Fannie rarely stuck her head into the living room, much less the newspaper Esther and Florence clutched between them. She had begun seeing Isaac, whom she’d met while working behind the counter at Adler’s, and in recent weeks, Isaac had made enough trips to the bakery for challah bread that it would have been safe to assume he was saying the HaMotzi every night of the week and not just on Shabbos. Isaac had called at the apartment a handful of times, awkwardly sitting in the living room until Joseph—out of discomfort more than anything else—granted the couple permission to stroll the Boardwalk without a chaperone, provided Fannie was home by nine o’clock sharp.
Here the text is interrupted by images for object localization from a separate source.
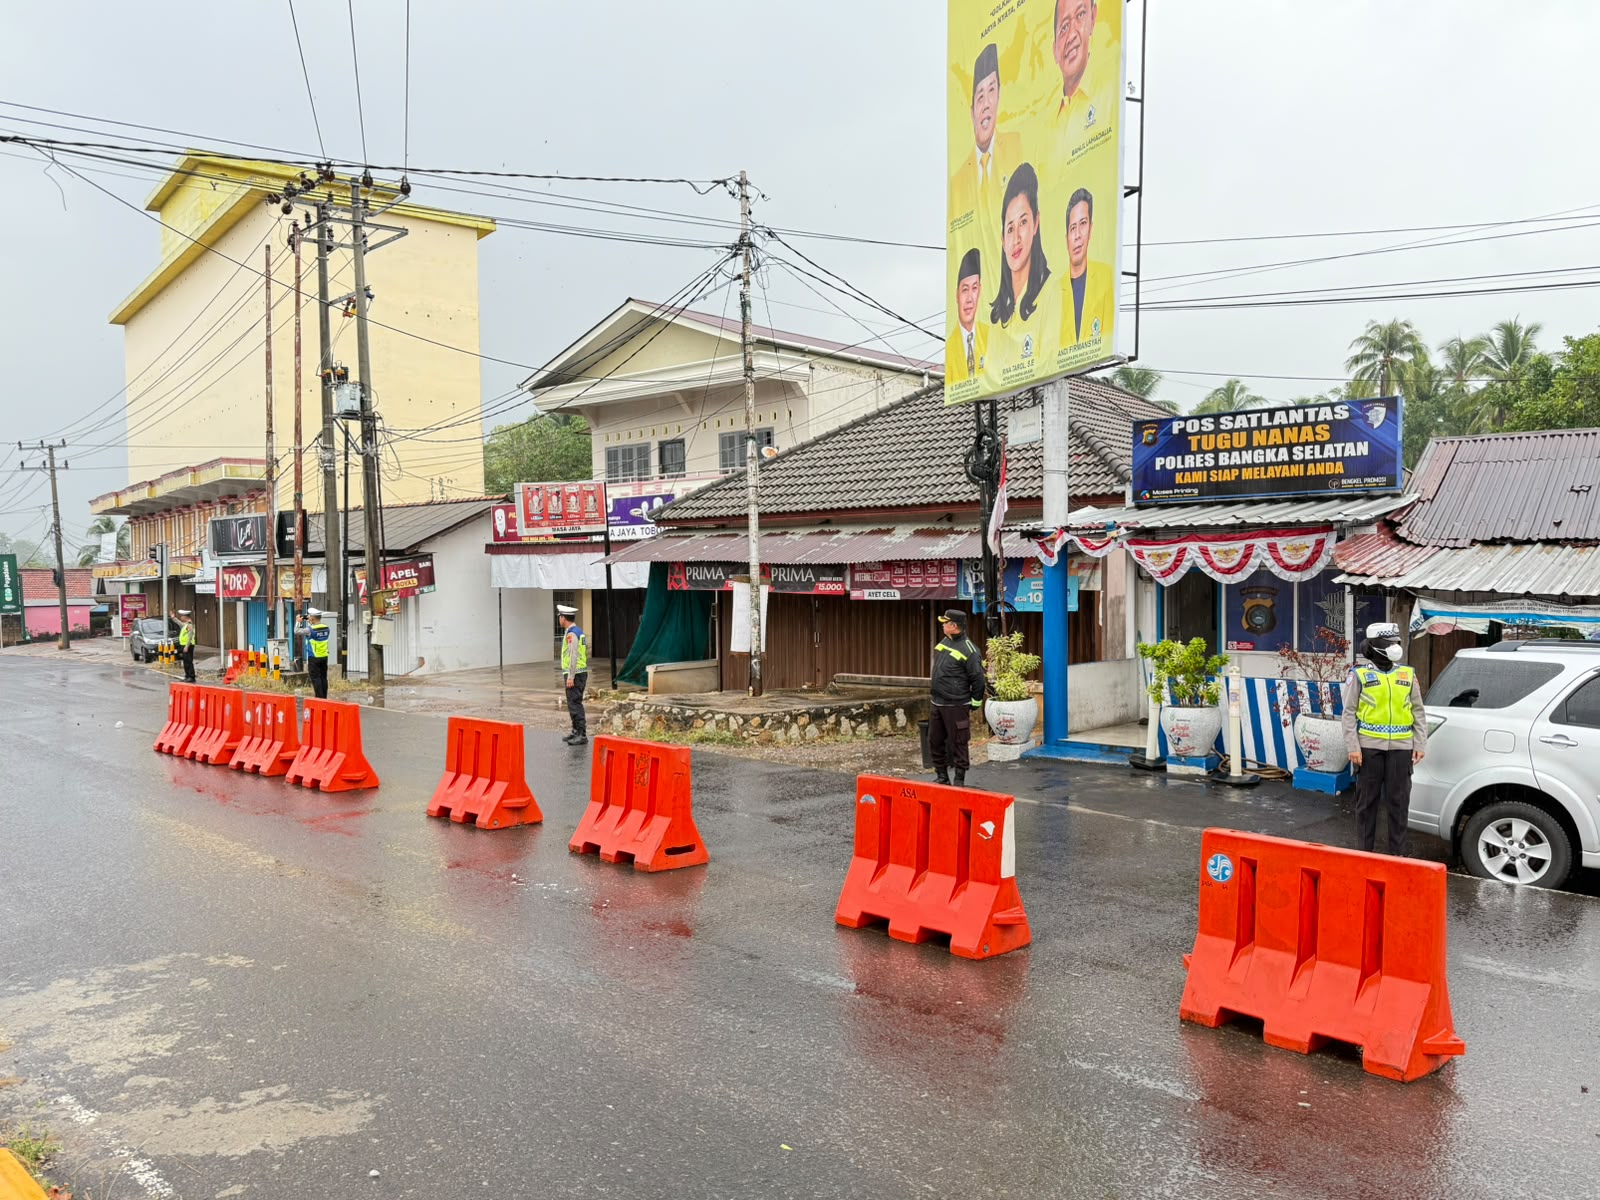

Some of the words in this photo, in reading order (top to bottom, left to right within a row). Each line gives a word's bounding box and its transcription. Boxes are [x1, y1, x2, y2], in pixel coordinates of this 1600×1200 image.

[1172, 417, 1215, 434] POS
[1219, 404, 1350, 430] SATLANTAS
[1187, 431, 1247, 452] TUGU
[1252, 423, 1331, 447] NANAS
[1155, 453, 1215, 470] POLRES
[1218, 447, 1289, 466] BANGKA
[1292, 441, 1369, 461] SELATAN
[1175, 471, 1207, 484] KAMI
[1209, 468, 1240, 482] SIAP
[1241, 463, 1304, 480] MELAYANI
[1306, 461, 1345, 476] ANDA
[1174, 487, 1199, 495] Printing
[617, 527, 637, 537] JAYA
[390, 568, 418, 580] APEL
[686, 566, 725, 580] PRIMA
[771, 567, 816, 583] PRIMA
[395, 579, 417, 588] ROYAL
[900, 787, 916, 799] ASA
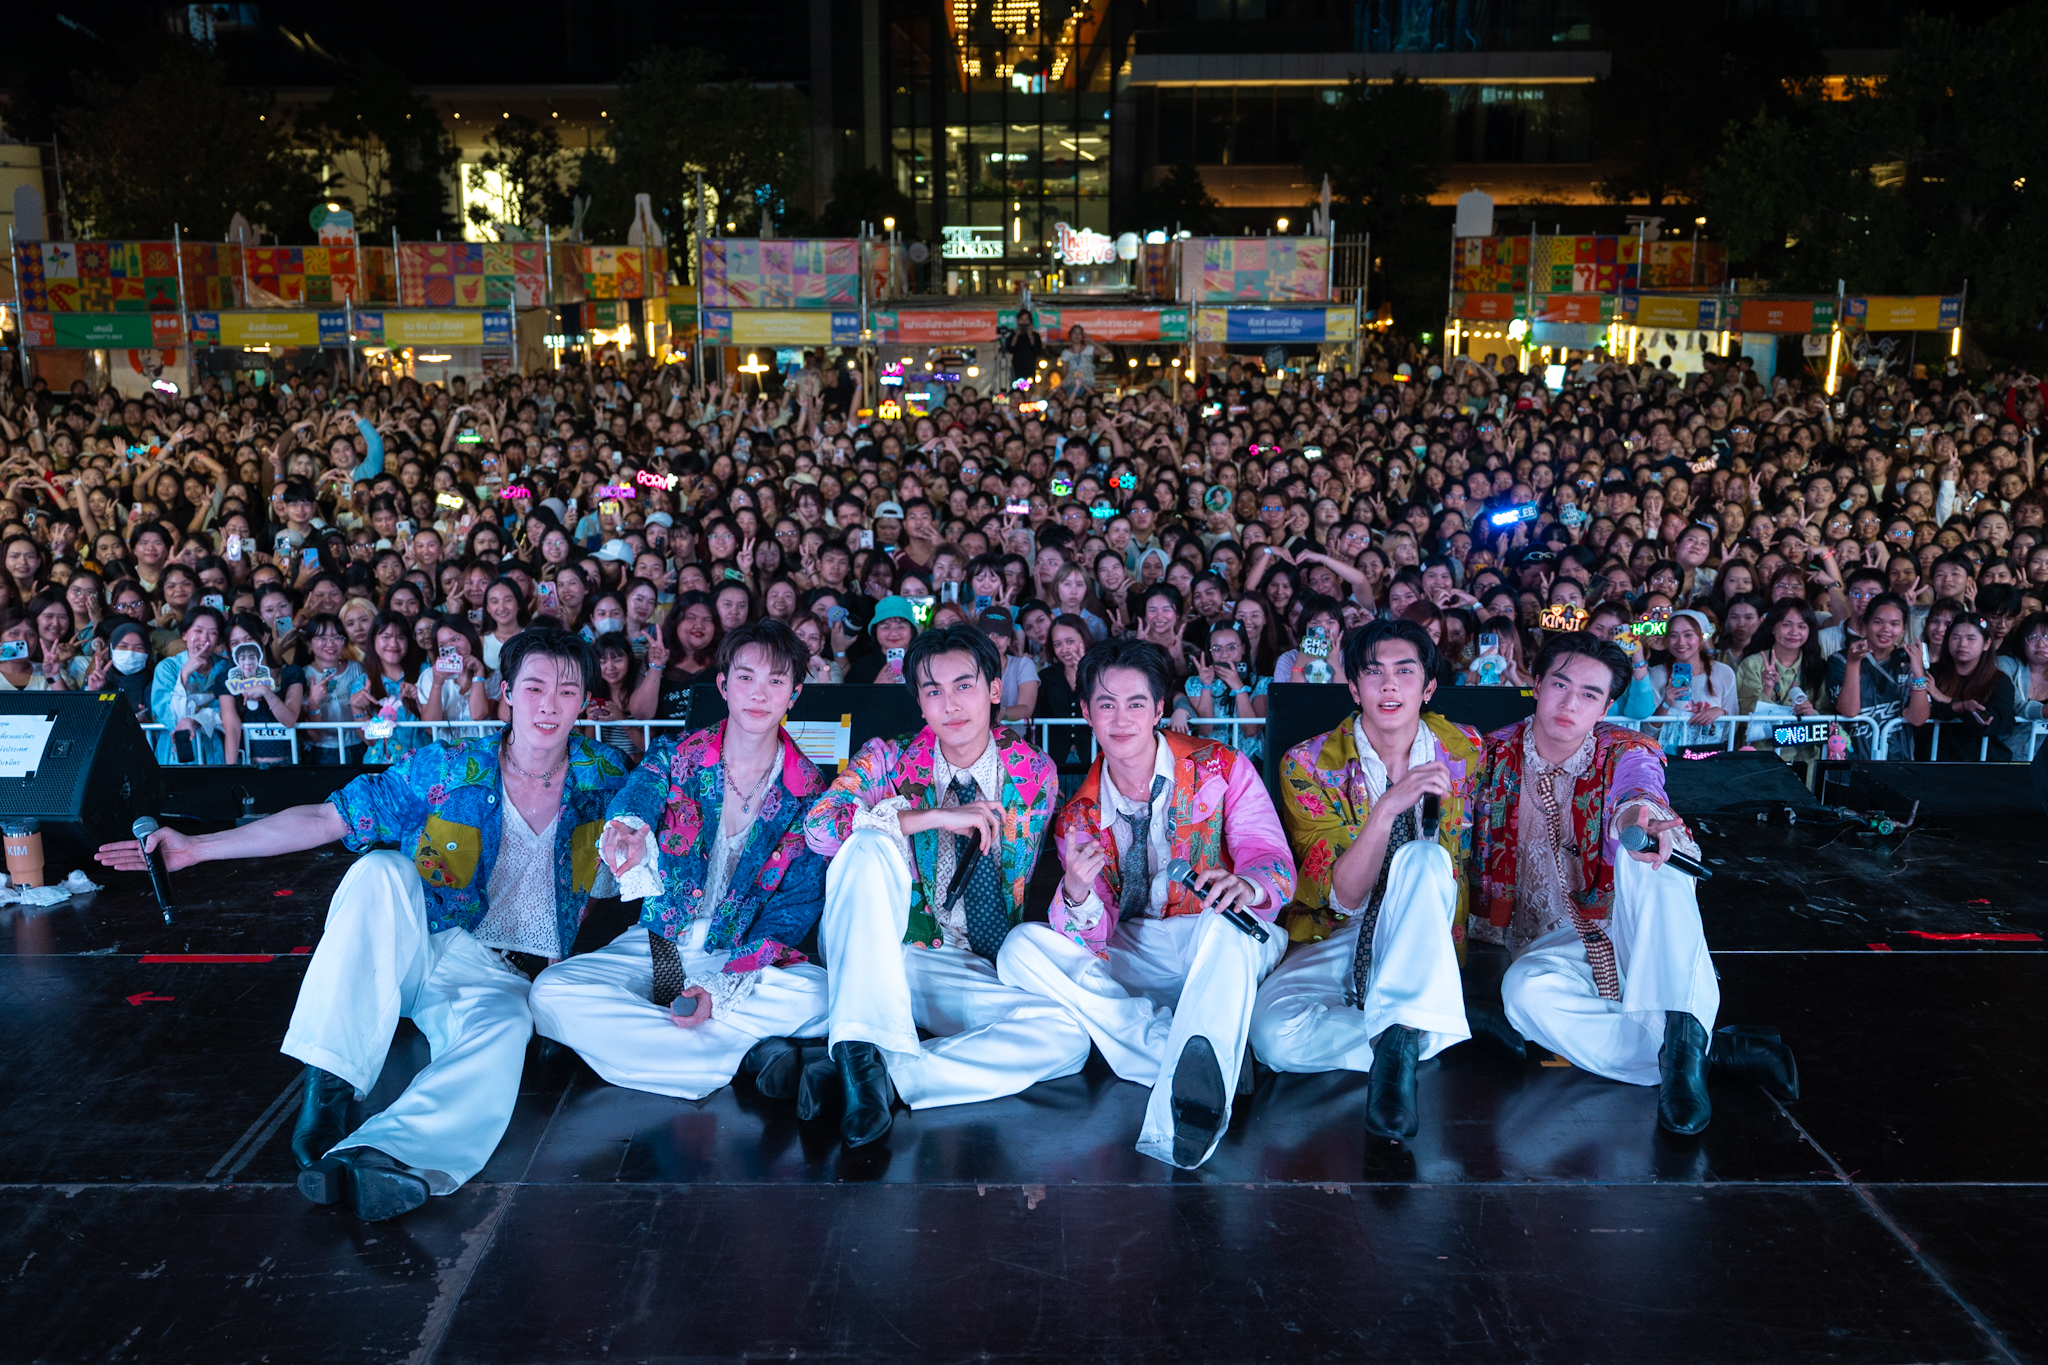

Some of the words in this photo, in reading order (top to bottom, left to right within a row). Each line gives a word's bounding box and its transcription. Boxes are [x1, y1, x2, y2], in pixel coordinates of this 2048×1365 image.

[941, 229, 972, 241] THE
[1691, 459, 1716, 474] GUN
[1541, 613, 1581, 631] KIMJI
[230, 679, 272, 691] VICTOR
[6, 845, 28, 856] KIM
Nearly six weeks to the day after their courtship began, Fannie arrived home from one such walk and announced that Isaac had asked her to marry him. Esther had long anticipated the engagement of her daughters and expected such news to leave her feeling euphoric. But instead, she found that Fannie’s announcement discomfited her.
Isaac was six years older than Fannie but not so old for their age difference to matter. He was a quiet sort but Esther knew many good and quiet men. Isaac was poor but Esther reminded herself that Joseph had been poor when she had married him. They had built Adler’s together, which had been half the adventure. No, there was something else—something more unsettling than Isaac’s age or income or even his loquacity. She heard it in the tone of his voice. A belief that he was owed something. Esther did not think it unusual for a man to be dissatisfied with the circumstances into which he’d been born but she had no patience for a man who did not believe in the transformative powers of his own hard work.